Vd. último poste da série de 11 de Junho de 2011 > Guiné 63/74 - P8401: Ser solidário (108): Na Guiné-Bissau, fora do umbigo do mundo (Joana Teixeira)

sábado, 11 de junho de 2011

Guiné 63/74 - P8401: Ser solidário (108): Na Guiné-Bissau, fora do umbigo do mundo (Joana Teixeira)

1. Mensagem, do dia 2 de Junho de 2011, de Joana Teixeira, filha do nosso camarada José Teixeira, que foi professora em S. Tomé e Príncipe durante quatro anos, e que recentemente visitou a Guiné-Bissau com o seu pai e o seu irmão Tiago Teixeira, médico, tanto quanto sabemos, clínico no Hospital Pedro Hispano em Matosinhos:

Exmos Srs.
Sou filha do Zé Teixeira.

Tenho vivido de perto o trabalho que ele tem desenvolvido a favor das populações da Guiné-Bissau e na viagem que fez recentemente à Guiné, eu e meu irmão quisemos acompanhá-lo. Na sequência desta inesquecível viagem escrevi um pequeno texto que envio na esperança de possa ser publicado.
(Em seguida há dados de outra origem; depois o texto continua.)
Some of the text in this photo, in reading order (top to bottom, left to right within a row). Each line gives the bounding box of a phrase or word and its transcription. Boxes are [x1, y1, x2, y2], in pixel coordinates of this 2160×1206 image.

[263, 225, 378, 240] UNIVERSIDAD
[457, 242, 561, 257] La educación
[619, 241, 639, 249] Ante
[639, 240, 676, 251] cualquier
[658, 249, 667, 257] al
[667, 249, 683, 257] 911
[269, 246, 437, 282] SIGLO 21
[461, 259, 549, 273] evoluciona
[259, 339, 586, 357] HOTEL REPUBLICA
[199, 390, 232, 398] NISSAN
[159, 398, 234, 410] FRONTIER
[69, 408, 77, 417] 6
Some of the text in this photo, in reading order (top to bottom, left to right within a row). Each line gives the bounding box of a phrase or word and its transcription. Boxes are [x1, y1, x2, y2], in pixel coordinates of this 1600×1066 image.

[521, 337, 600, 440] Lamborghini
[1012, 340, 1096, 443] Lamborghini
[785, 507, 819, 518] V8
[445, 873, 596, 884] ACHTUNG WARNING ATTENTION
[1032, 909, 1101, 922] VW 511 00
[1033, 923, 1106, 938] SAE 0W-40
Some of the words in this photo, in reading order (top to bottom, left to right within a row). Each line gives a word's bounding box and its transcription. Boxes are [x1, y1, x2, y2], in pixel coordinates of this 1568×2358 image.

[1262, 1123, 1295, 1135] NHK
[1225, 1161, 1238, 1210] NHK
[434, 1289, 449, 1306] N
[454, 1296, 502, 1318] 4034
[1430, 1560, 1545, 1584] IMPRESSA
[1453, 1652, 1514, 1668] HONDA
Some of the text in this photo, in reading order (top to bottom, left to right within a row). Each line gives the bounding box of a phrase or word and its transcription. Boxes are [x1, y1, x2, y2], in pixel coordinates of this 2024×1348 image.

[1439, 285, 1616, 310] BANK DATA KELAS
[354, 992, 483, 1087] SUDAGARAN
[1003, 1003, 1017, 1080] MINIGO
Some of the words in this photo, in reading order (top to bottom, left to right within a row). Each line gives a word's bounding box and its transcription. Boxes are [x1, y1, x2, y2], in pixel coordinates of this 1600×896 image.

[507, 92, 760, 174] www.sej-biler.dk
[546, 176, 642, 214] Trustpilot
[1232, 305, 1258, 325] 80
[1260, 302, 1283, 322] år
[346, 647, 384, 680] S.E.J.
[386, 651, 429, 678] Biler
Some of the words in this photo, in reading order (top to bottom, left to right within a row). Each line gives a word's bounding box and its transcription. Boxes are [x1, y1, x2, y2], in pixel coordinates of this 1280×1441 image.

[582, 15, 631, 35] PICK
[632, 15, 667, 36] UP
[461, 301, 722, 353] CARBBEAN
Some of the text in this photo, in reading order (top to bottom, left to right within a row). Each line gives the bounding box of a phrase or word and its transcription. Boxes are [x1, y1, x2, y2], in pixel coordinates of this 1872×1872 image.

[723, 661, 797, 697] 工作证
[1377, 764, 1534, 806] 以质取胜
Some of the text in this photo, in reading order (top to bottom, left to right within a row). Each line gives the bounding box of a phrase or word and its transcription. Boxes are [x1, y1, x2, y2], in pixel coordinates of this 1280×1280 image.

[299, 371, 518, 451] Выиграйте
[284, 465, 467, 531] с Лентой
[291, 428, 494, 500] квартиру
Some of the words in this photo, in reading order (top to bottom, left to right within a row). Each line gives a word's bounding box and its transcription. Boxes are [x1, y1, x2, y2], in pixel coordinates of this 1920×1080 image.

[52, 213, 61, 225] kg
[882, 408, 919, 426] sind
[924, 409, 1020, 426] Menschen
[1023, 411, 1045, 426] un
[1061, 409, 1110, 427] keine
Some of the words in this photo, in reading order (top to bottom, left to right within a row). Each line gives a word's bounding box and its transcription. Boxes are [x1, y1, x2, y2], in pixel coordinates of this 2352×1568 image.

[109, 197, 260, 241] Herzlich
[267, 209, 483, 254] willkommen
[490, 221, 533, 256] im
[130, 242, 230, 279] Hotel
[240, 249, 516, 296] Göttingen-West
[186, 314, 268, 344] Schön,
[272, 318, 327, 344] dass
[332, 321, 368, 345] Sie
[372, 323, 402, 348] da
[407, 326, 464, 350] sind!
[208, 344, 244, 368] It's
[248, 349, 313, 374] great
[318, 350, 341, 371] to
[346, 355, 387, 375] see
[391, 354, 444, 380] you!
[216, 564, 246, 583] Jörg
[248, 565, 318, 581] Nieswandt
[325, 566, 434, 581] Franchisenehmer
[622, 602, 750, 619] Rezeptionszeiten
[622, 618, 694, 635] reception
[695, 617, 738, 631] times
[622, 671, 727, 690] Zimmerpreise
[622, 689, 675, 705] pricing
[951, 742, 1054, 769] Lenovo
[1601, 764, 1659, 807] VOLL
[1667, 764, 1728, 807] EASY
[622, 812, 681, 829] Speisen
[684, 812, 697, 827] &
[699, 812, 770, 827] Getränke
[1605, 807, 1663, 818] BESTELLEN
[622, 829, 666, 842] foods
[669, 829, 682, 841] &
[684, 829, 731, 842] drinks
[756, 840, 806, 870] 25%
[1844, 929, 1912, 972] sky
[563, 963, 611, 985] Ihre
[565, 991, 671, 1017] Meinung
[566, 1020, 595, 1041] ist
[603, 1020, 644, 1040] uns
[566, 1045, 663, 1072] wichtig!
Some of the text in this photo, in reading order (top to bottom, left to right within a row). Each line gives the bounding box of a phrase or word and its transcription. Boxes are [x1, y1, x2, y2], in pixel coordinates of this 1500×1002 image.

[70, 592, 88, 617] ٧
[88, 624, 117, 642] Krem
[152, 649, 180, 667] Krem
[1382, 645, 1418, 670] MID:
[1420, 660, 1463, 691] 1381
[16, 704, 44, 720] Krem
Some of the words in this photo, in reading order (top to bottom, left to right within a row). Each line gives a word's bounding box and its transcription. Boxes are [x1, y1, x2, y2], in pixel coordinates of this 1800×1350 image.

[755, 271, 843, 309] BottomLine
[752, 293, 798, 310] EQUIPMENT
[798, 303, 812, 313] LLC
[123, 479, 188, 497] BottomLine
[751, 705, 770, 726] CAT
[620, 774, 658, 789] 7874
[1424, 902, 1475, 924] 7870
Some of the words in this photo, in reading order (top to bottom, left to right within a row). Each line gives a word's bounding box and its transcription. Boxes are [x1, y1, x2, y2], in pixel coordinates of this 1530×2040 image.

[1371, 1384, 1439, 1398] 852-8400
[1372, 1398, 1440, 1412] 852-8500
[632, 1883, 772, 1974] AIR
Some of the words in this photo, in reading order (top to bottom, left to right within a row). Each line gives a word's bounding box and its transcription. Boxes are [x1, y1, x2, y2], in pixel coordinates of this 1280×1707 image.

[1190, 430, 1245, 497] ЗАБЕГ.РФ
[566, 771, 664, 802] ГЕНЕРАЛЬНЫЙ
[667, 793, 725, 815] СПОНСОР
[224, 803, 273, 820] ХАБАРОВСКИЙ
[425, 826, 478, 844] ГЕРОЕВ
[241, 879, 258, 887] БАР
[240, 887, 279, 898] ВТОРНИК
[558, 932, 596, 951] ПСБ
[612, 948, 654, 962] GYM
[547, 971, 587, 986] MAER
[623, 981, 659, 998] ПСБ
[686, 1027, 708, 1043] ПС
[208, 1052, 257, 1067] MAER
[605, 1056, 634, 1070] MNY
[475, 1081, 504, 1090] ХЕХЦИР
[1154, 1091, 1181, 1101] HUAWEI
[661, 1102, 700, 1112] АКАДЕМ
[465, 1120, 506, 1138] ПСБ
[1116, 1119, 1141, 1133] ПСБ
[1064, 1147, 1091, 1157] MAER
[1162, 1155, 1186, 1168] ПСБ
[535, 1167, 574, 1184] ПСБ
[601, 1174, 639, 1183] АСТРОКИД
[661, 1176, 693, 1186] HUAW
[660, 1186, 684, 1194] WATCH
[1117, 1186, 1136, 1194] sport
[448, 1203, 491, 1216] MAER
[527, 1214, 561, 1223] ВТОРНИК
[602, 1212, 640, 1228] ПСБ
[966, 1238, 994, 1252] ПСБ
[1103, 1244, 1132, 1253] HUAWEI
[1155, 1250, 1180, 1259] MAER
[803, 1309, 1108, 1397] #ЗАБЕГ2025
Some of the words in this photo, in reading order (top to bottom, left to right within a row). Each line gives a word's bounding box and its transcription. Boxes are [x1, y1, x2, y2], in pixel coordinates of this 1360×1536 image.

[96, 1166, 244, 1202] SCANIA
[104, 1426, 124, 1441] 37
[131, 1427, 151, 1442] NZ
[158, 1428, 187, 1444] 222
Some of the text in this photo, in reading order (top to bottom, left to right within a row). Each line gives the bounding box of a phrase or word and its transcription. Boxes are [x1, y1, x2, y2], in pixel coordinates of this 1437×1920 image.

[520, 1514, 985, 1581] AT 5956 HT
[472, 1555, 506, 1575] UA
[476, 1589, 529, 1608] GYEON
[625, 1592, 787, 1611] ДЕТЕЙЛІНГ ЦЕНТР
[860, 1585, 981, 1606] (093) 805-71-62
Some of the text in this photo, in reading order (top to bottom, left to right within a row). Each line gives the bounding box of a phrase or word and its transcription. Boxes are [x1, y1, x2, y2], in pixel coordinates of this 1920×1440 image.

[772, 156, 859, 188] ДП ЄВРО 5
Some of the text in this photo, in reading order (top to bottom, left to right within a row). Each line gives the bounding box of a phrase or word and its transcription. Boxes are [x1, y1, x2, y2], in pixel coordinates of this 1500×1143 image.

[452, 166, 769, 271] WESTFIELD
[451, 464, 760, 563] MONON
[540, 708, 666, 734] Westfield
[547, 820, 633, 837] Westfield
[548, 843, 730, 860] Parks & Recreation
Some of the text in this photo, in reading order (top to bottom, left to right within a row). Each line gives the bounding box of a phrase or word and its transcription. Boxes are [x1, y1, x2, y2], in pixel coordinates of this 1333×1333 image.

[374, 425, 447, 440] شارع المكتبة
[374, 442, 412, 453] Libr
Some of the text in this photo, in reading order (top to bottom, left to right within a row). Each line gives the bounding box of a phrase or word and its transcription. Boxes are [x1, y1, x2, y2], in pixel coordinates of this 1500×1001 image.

É uma opinião pessoal de alguém que há uns anos atrás deixou “o umbigo do mundo“ e foi voluntariamente fazer um trabalho de solidariedade em S. Tomé.

Junto algumas fotografias para colocaram as entenderem

Os meus agradecimentos
Joana Teixeira


O meu pai - homem feliz

Eu e o meu mano

FORA DO UMBIGO DO MUNDO

Joana Teixeira

Não sou caloira em África, posso afirmar, pois já lá vivi quatro fantásticos anos como voluntária e professora. O meu poiso foi um dos seus mais pequenos países, mas nem por isso menos representativo. As saudades desses tempos nas belas ilhas verdes de S. Tomé e Príncipe são mais que muitas, avassaladoras. Posso afirmar também que conheço bem esse minúsculo país e as suas gentes, aromas, sabores e ritmos. Ser turista, numa breve estadia, passeando por onde nos querem levar, esconde quase sempre a realidade, muitas vezes cruel, do país que visitamos. Viver lá, origina um conhecimento completamente diferente, terão de concordar.

Por isso, desde que regressei, compreendo melhor a realidade africana, lá e cá, e também os relatos de outros que também por lá passaram. Como por exemplo, do meu pai, antigo combatente na Guiné, cujas memórias recheadas de ternura pelos seus habitantes e pelos momentos vividos, ainda que num contexto horrível, povoaram a minha infância e me despertaram os sentidos para esse continente imenso, tão diferente, no melhor e no pior dos sentidos. Até que eu própria lá fui parar…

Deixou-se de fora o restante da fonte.